About 130 hostages remain in Gaza from the 240 abducted by Hamas and other Palestinian militants in the Oct. 7 attack that killed 1,200 Israelis, according to Israeli authorities. Israel’s subsequent operation in Gaza has caused the deaths of 35,000 people, local health authorities say, figures that don’t distinguish between civilians and combatants.
Since Israel began its targeted operation in Rafah last week, more than 300,000 Palestinians have fled the city and a deteriorating humanitarian crisis there has heaped fresh international pressure on Netanyahu to end the war.
U.S. Secretary of State Antony Blinken spoke with Israeli Defense Minister Yoav Gallant Sunday evening to reiterate U.S. opposition to a major ground operation in Rafah, where until last week more than a million people had taken refuge from fighting elsewhere in the strip.
President Biden also is threatening to hold up additional weapons sales to Israel if it continues to defy American concerns. When and whether Israel’s operation in Rafah constitutes a major ground operation is unclear.
The conflict is also creating major friction between Israel and Egypt, erstwhile enemies that signed a historic peace deal in 1979. Egypt on Sunday said it would intervene in support of South Africa’s case accusing Israel of genocide at the International Court of Justice, citing concerns about the growing scale of Israel’s operations in Gaza.
As a result of the fighting in Rafah, the Egyptian crossing at the border city has largely been closed. Military positions near the other important gateway into southern Gaza, Israel’s Kerem Shalom terminal, have faced rocket barrages by Hamas. The Health Ministry in Gaza said Monday that a worsening lack of fuel meant it couldn’t power generators in hospitals and ambulances.
Egypt is blocking any humanitarian-aid trucks originating in its country from entering Gaza through Kerem Shalom, according to Egyptian officials. Cairo was angered that Israel gave it short notice before seizing the Gaza side of the Rafah border crossing last week, and has threatened to cease acting as a mediator in the negotiations and suspend its peace treaty with Israel, the officials said.
Husam Badran, a senior Hamas official, said Sunday that Israel’s operation in Rafah was a “rebellion against the world.”
Given international pressure on Israel not to be too heavy-handed in Rafah, the country and its military face a difficult trade-off: Too much force and a high number of civilian deaths will elicit more condemnation and weaken Israel’s international position, but too little force may not defeat Hamas.

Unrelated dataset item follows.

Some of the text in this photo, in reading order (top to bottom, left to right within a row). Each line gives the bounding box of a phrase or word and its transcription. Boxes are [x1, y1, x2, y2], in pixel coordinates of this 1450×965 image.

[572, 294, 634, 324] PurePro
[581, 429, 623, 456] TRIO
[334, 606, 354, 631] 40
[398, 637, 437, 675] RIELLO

At present, “Israel is not pressuring Hamas enough to put them in a dilemma whether to release hostages,” said Amir Avivi, a former deputy commander in the Israeli military who oversaw operations in Gaza.

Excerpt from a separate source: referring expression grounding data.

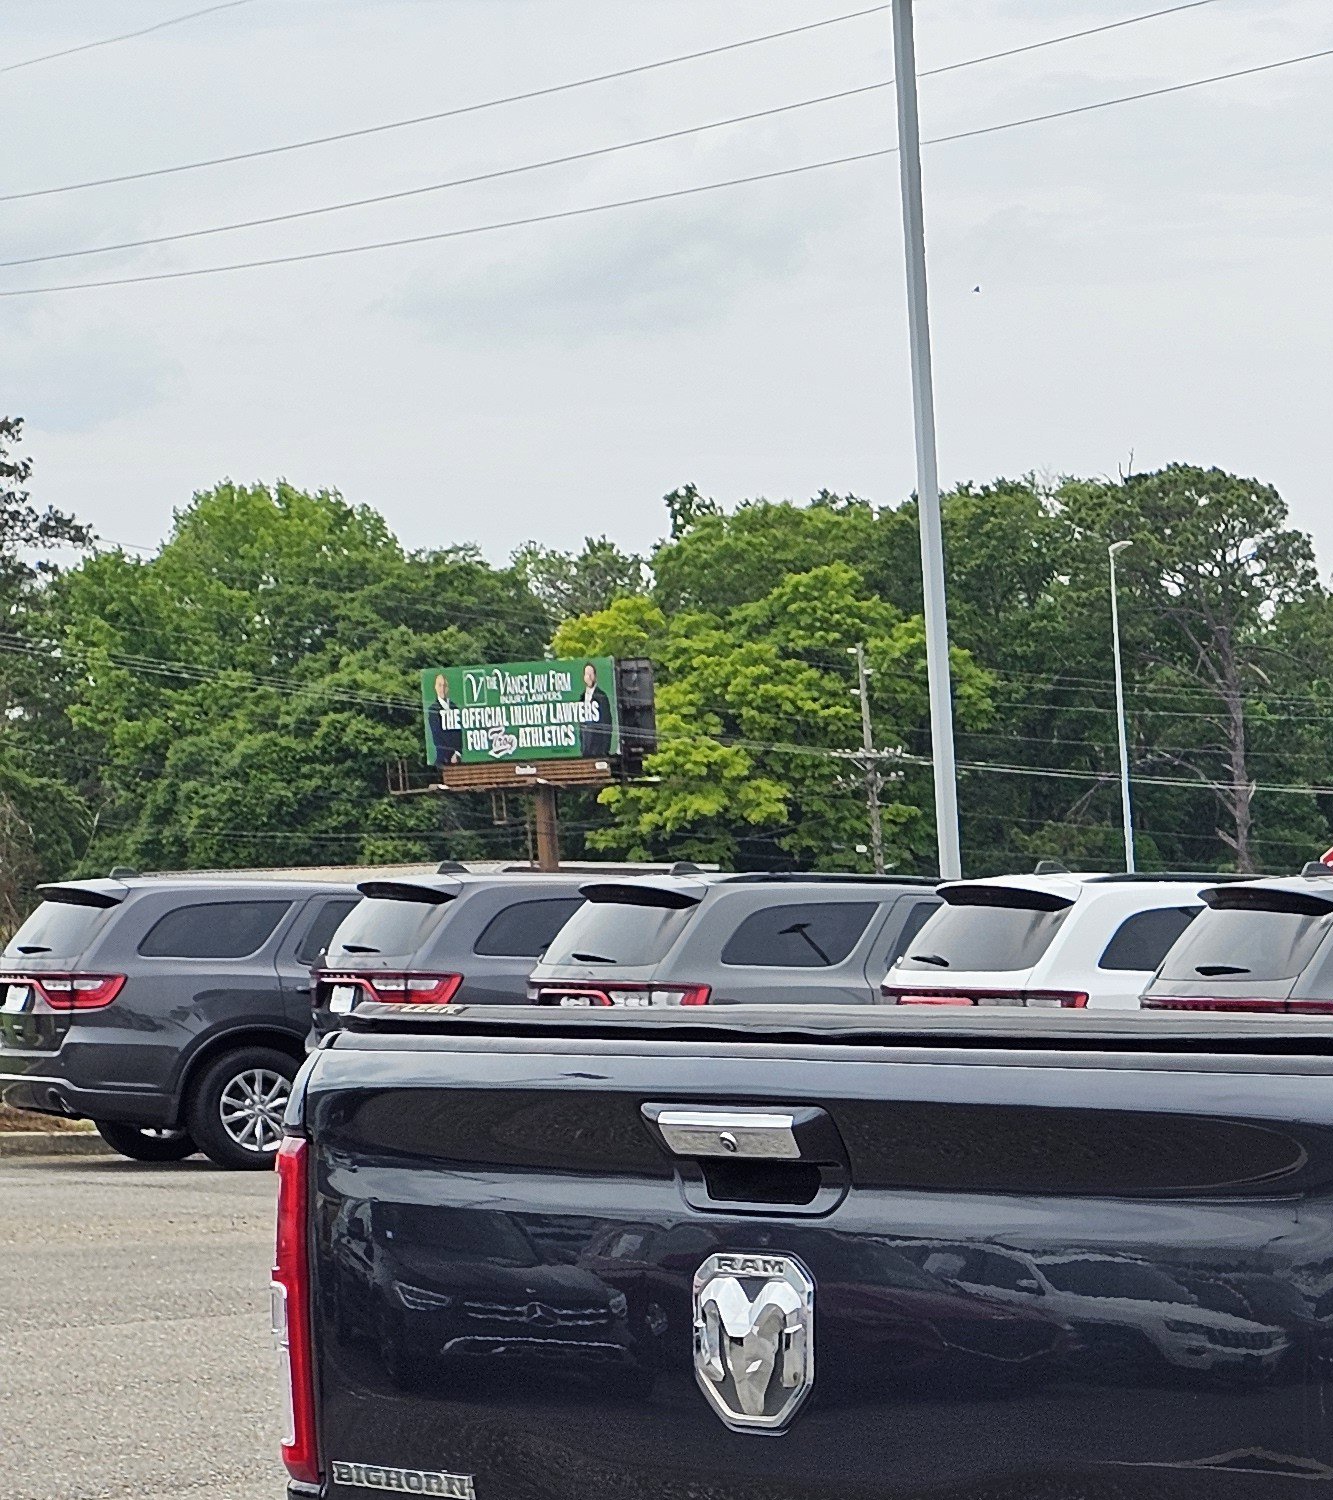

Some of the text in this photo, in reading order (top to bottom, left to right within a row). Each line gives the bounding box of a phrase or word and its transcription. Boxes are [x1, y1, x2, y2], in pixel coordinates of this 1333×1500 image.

[492, 669, 528, 695] VANCE
[528, 671, 548, 693] LAW
[549, 670, 572, 692] FIRM
[527, 690, 562, 702] LAWYERS
[440, 701, 600, 730] THE OFFICIAL INJURY LAWYERS
[467, 729, 489, 751] FOR
[518, 725, 575, 748] ATHLETICS
[717, 1258, 784, 1274] RAM
[332, 1461, 476, 1500] BIGHORN

The only way to force a cease-fire deal, Avivi said, is to threaten Hamas existentially. The group is “not going to be threatened existentially without a massive incursion into Rafah,” he said.
The fighting elsewhere in Gaza has again highlighted how the seeming lack of an Israeli postwar plan for the strip is affecting the war. The U.S. has warned that Hamas would likely continue to fill the power vacuum until Israel brings in an alternative authority to the group. The U.S. wants a revitalized Palestinian Authority, which governs in the West Bank, to take control in Gaza. But Netanyahu has said he won’t accept it in the strip.

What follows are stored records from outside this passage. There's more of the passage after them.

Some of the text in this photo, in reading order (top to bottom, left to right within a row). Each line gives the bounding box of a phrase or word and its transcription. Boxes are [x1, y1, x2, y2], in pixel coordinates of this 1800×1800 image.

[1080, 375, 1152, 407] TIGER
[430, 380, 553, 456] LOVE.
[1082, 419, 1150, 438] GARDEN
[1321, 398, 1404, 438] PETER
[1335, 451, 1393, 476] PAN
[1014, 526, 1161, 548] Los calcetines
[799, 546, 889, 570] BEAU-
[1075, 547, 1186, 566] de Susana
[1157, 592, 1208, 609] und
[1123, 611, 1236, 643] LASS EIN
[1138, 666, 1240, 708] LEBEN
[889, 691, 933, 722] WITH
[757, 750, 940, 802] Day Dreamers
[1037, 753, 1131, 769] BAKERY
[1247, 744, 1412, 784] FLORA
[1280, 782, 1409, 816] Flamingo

In the podcast Sunday, the Israeli prime minister suggested Israel was bracing for a long insurgency in Gaza. He said the military’s first job was to destroy the Hamas battalions at Rafah and “mop up” any other fighters. Israel would then have to demilitarize the strip and enter a period when Hamas would launch periodic attacks, “and that’s going to be a while,” he said.
Netanyahu in parallel said he hoped that Israel could work with local Gazans to manage civilian affairs with support from other Arab countries, an option Palestinian leaders have dismissed and some within Israel’s military have said is unrealistic.
“First, victory,” Netanyahu said. “There is no substitute for victory.”